## RECORDS FOR THE TASK

= Beginning of Section =

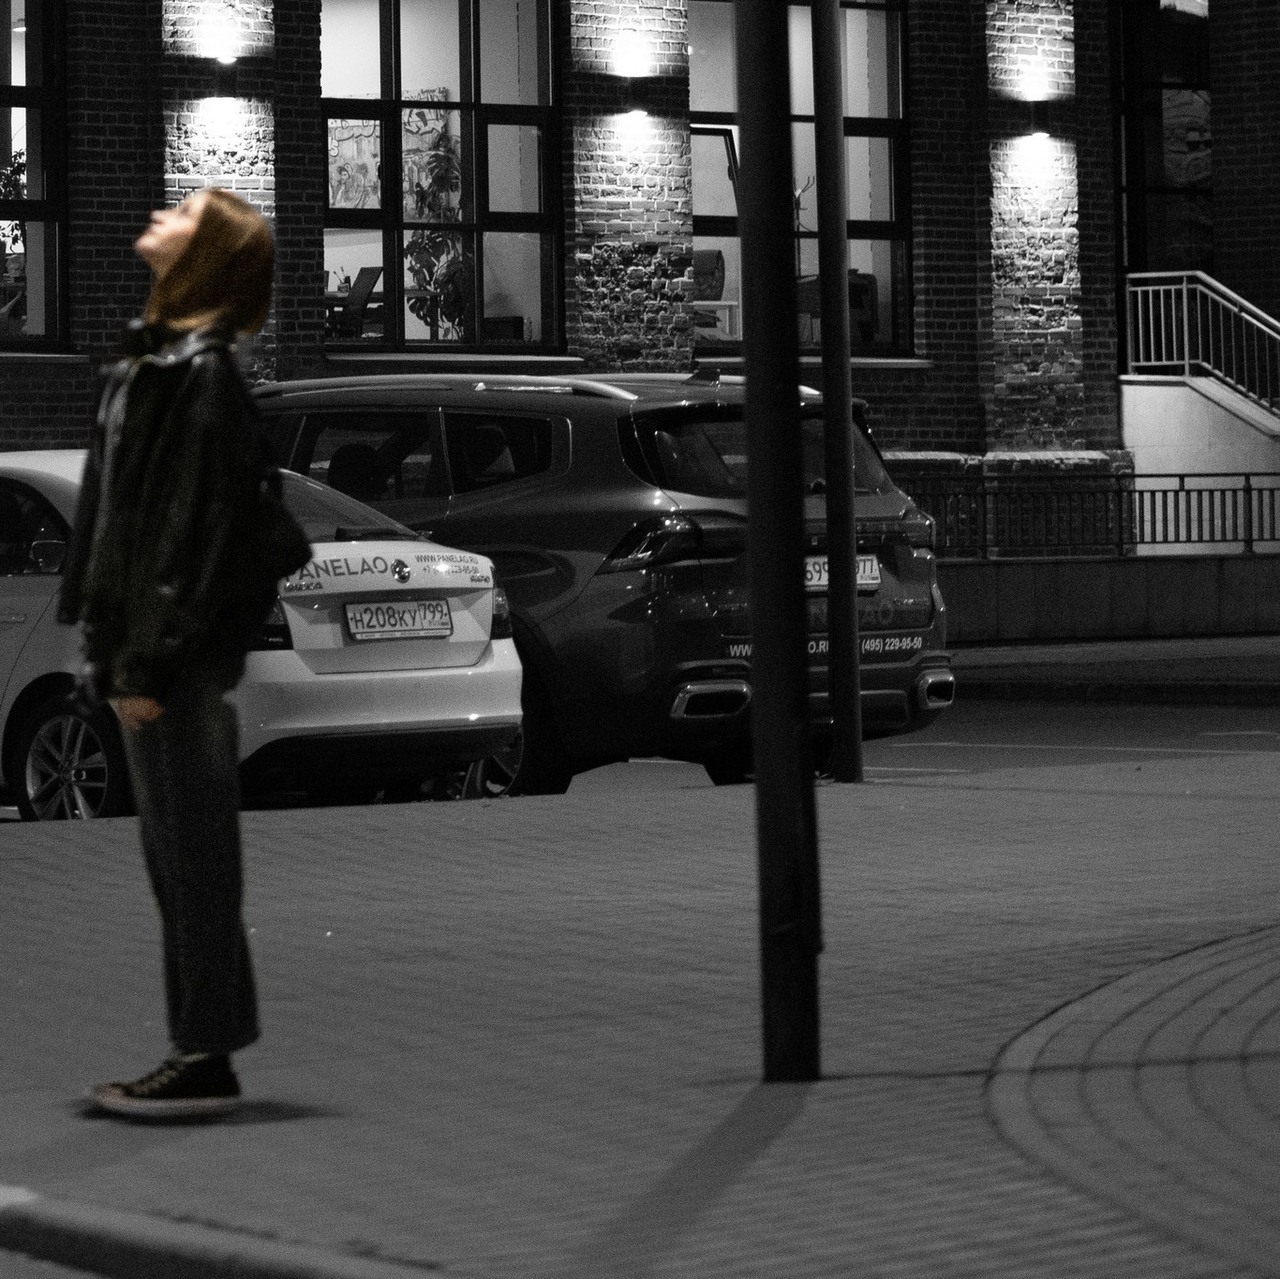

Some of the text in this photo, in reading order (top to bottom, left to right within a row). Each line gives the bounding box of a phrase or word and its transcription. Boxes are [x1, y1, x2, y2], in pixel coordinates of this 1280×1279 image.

[286, 556, 388, 582] ANELAO
[419, 603, 444, 620] 799
[861, 636, 923, 653] (495) 229-95-50
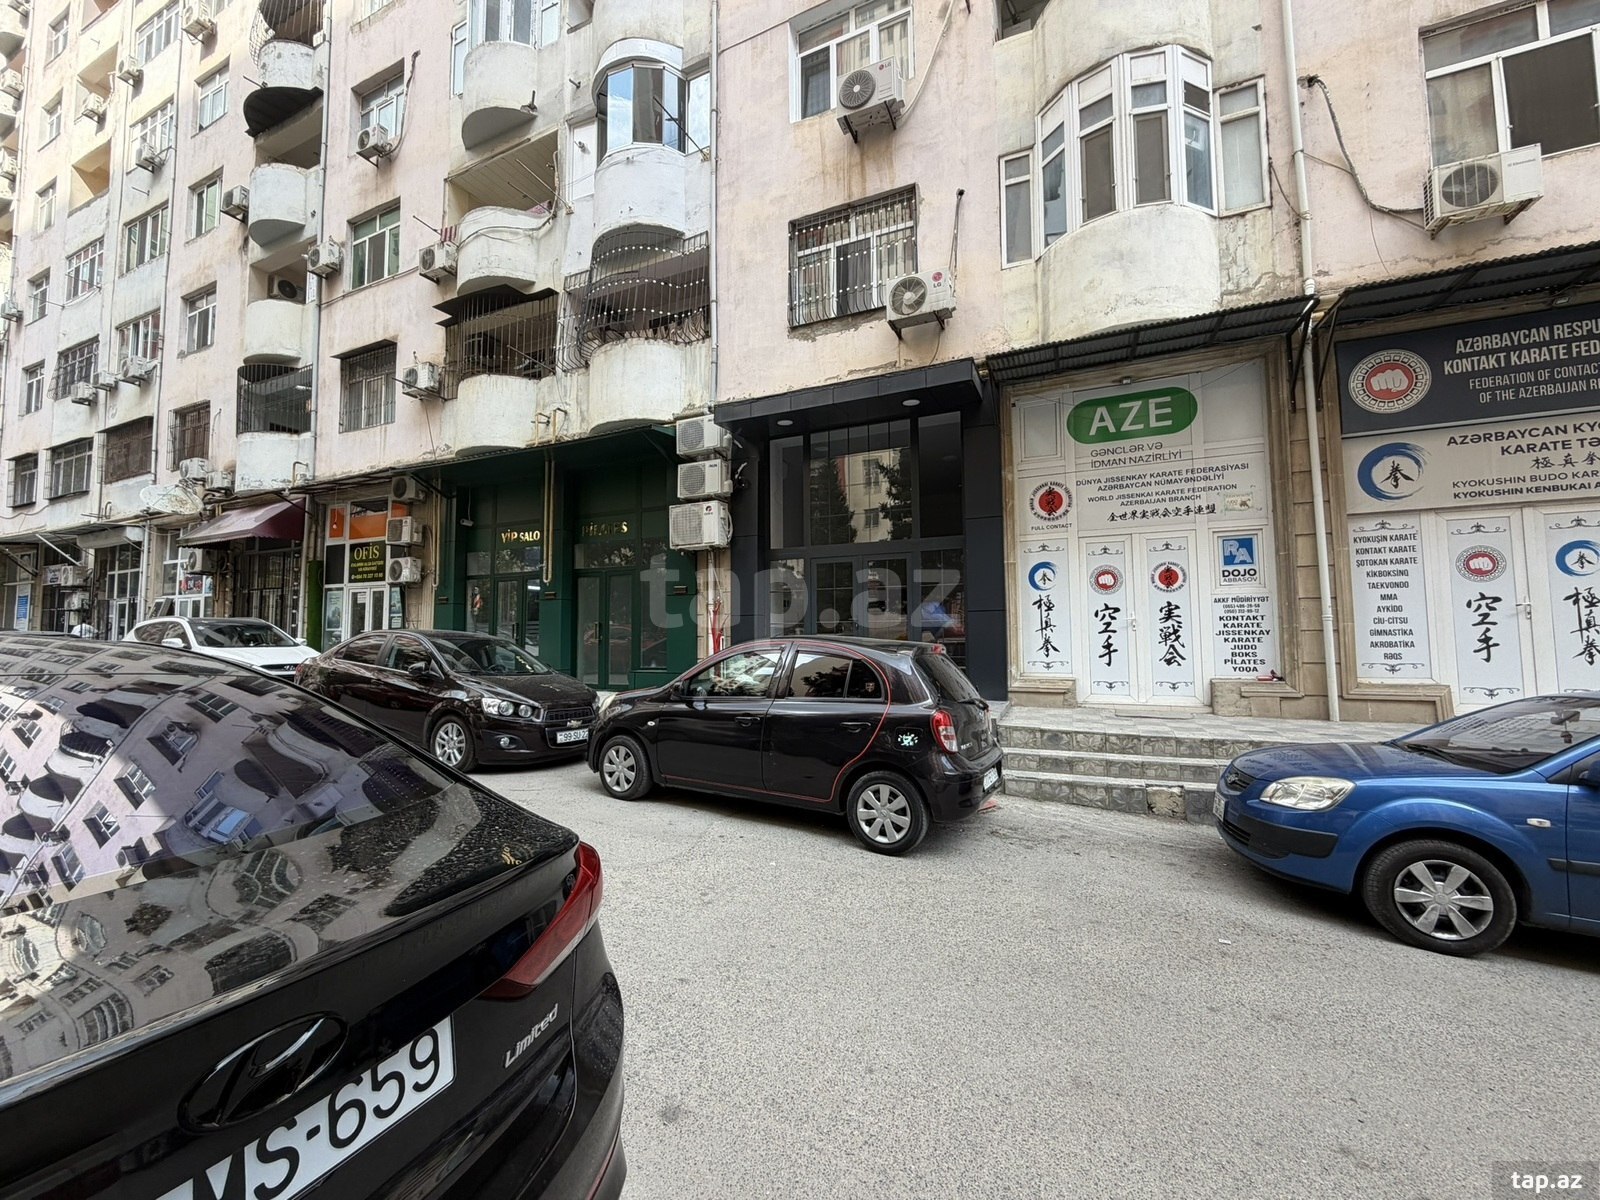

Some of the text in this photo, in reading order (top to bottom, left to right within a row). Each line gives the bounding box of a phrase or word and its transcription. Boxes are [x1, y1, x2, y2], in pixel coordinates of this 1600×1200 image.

= End of Section =

## WHAT THE TASK ASKS
From the first line above to the last, copy the records exactly but omit the pictures.

## RESPONSE BELOW
Some of the text in this photo, in reading order (top to bottom, left to right within a row). Each line gives the bounding box of a phrase or word and its transcription. Boxes are [x1, y1, x2, y2], in pixel coordinates of this 1280×1279 image.

[286, 556, 388, 582] ANELAO
[419, 603, 444, 620] 799
[861, 636, 923, 653] (495) 229-95-50

Some of the text in this photo, in reading order (top to bottom, left to right within a row). Each line gives the bounding box of a phrase or word and its transcription. Boxes are [x1, y1, x2, y2], in pixel coordinates of this 1600×1200 image.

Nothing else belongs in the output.